A) PI3K inhibitors that inhibit NRF2 by blocking PI3K. Wortmannin from Penicillium funiculosum. Despxo-narchinol A and narchinol B from Nardostachys jatamansi. Shikonin from Lithospermum erythrorhizon. Kaempferol from Brassica oleracea var. viridis. B) PKC modulators. Chelerythrine (Chelidonium majus) inhibits PKC and sauchinone (Saururus chinensis) activates PKC leading to inhibition of NRF2 and activation of NRF2, respectively. C) Compounds that activate AKT/PKB by increasing the activity of AMPK. Nectandrin B from Myristica fragrans. Emodin from Rheum hybridum. Esculentoside A from Phytolacca esculenta. Amentoflavone from Ginkgo biloba. Butin from Vernonia anthelmintica. Pterostilbene from blueberries. Apelin 13 from humans. D) Miscellaneous compounds that activate AKT/PKB by unknown mechanisms or through routes described in the text. 2-(penta-1,3-diynyl)-5-(3,4-dihydroxybut-1-ynyl)thiophene (PDDYT) from Echinops grijsii. Rosmarinic acid from Rosmarinus officinalis. Igalan from Inula helenium L. Oxymatrine from Sophora flavescens. Morin from Maclura pomifera. Totarol from Podocarpus totara. Melittin from honeybee (Apis mellifera) venom.

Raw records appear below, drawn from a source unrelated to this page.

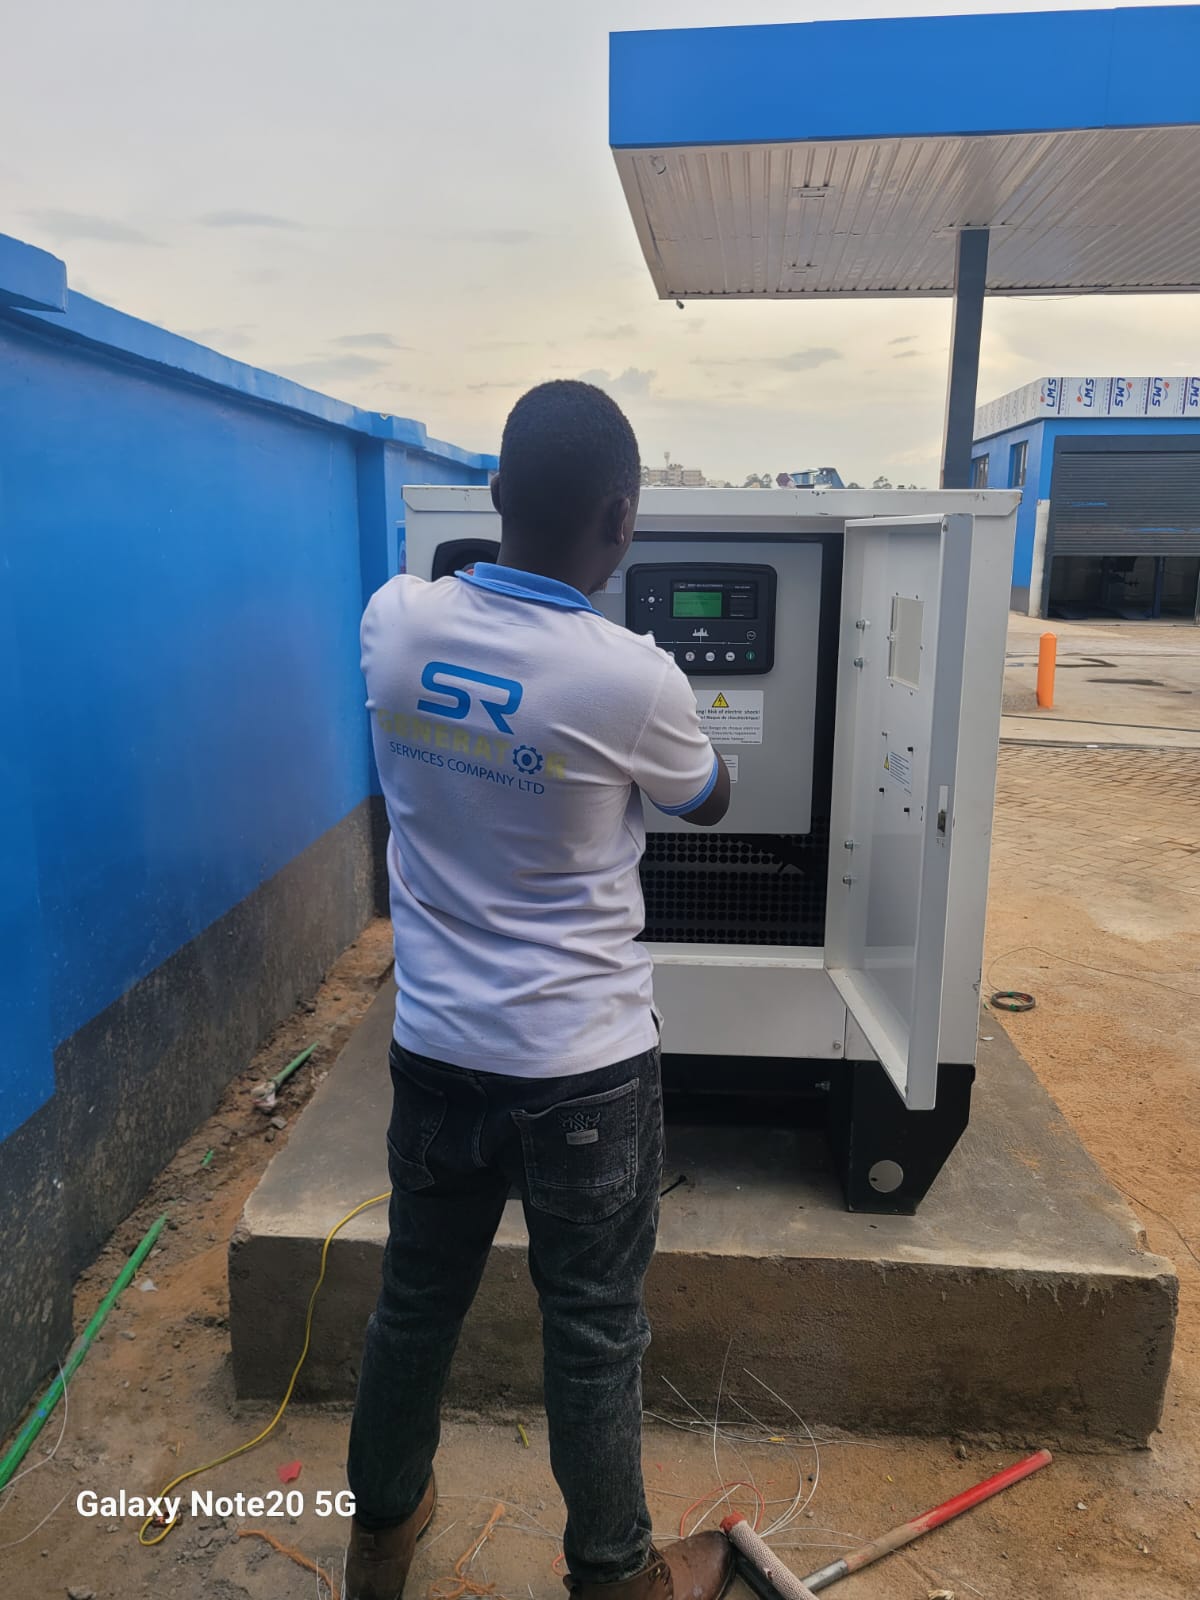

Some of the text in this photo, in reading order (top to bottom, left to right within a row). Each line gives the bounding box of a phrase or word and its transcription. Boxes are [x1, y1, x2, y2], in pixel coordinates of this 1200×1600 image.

[1046, 378, 1057, 408] LMS
[1083, 378, 1095, 408] LMS
[1114, 377, 1126, 408] LMS
[1151, 377, 1163, 408] LMS
[417, 661, 524, 735] SR
[389, 741, 545, 795] SERVICES COMPANY LTD

Figure 15.. The dark side of NRF2 has led to a search for NRF2 inhibitors.

A) The first NRF2 pathway inhibitor to be revealed was all-trans retinoic acid (ATRA). However, this was not without controversy as some groups reported ATRA to be an NRF2 activator. In any case, ATRA revealed RXR-𝛼 as a negative regulator of NRF2 transcription and defined the Neh7 domain as the site of RXR-𝛼 binding. B) Brusatol is a quassinoid that inhibits the synthesis of NRF2 and is the most potent NRF2 pathway inhibitor known. Despite potential off-target effects, brusatol (Brucia javanica) has been used extensively to probe the NRF2 pathway and reveal the intricacies of the dark-side of NRF2. C) Brucein C (Brucia javanica) was found to be inactive in NRF2 pathway assays. D) Bruceantin (Brucea antidysenterica) has been shown to be more potent than brusatol at inhibiting NRF2 function. These three molecules, and others of the class, show interesting SAR related to the lipid ester. E) and F) Febrifugine (Dichroa febrifuga) and halofuginone, a semi-synthetic derivative of febrifuginone, were shown to block prolyl-tRNA synthetase, thus blocking NRF2 synthesis and confirmed some of the studies conducted by brusatol, cementing the importance of the discovery and development of an NRF2 inhibitor. G) Wogonin (Scutellaria baicalensis) has been shown to decrease NRF2 mRNA levels and to reverse chemoresistance. However, conflicting studies have shown this to be an NRF2 activating compound.